■ PROBLEM TO WORK ON
Quote the records beneath, complete and exact. Leave out images.

____ DATA FOR THE TASK

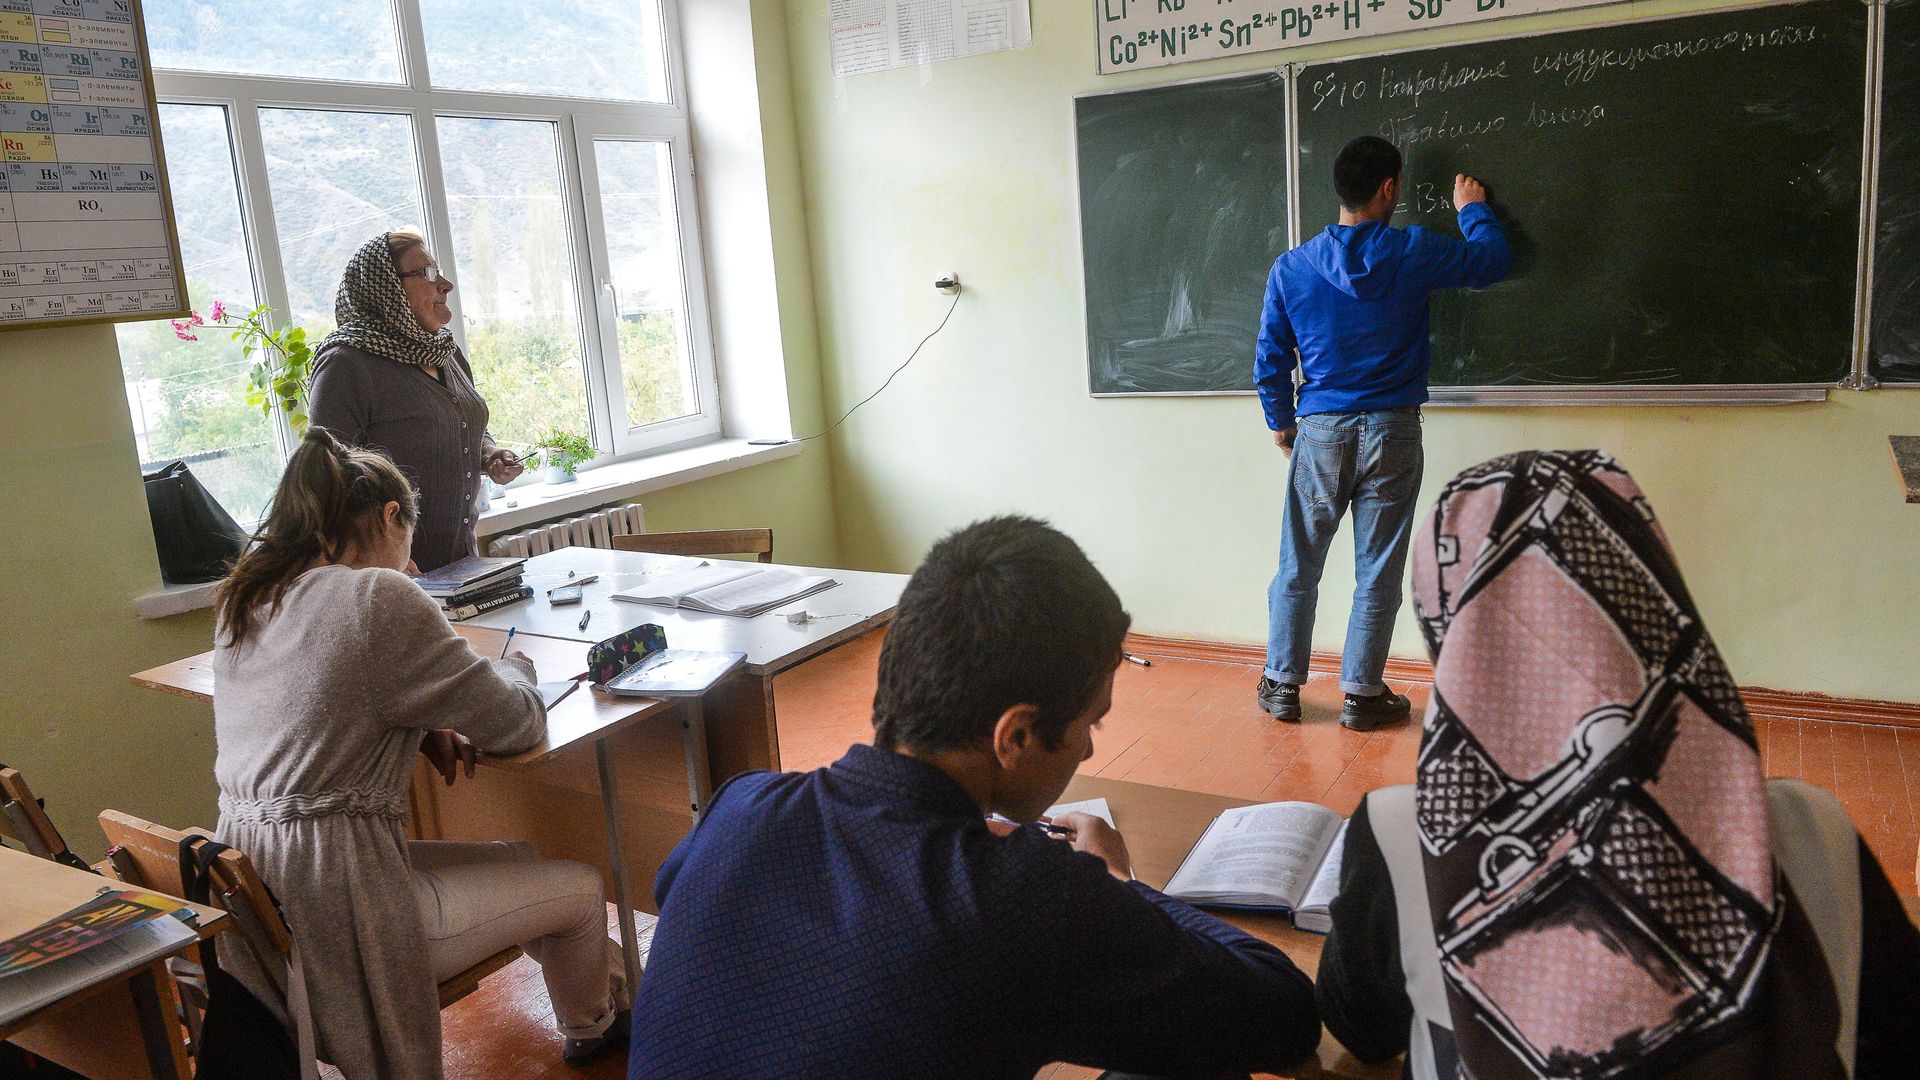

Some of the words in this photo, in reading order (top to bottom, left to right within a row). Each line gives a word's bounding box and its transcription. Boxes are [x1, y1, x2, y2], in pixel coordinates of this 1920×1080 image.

[114, 0, 128, 12] Ni
[18, 49, 39, 62] Ru
[70, 52, 90, 66] Rh
[120, 56, 138, 69] Pd
[30, 109, 49, 122] Os
[85, 111, 98, 124] Ir
[131, 114, 146, 126] Pt
[4, 138, 24, 151] Rn
[40, 168, 59, 180] Hs
[89, 169, 109, 181] Mt
[139, 170, 154, 182] Ds
[2, 269, 16, 278] Ho
[45, 267, 57, 276] Er
[10, 302, 22, 312] Es
[477, 592, 520, 611] МАТЕМАТИКА

________

■ SOLUTION
Some of the words in this photo, in reading order (top to bottom, left to right within a row). Each line gives a word's bounding box and its transcription. Boxes are [x1, y1, x2, y2], in pixel coordinates of this 1920×1080 image.

[114, 0, 128, 12] Ni
[18, 49, 39, 62] Ru
[70, 52, 90, 66] Rh
[120, 56, 138, 69] Pd
[30, 109, 49, 122] Os
[85, 111, 98, 124] Ir
[131, 114, 146, 126] Pt
[4, 138, 24, 151] Rn
[40, 168, 59, 180] Hs
[89, 169, 109, 181] Mt
[139, 170, 154, 182] Ds
[2, 269, 16, 278] Ho
[45, 267, 57, 276] Er
[10, 302, 22, 312] Es
[477, 592, 520, 611] МАТЕМАТИКА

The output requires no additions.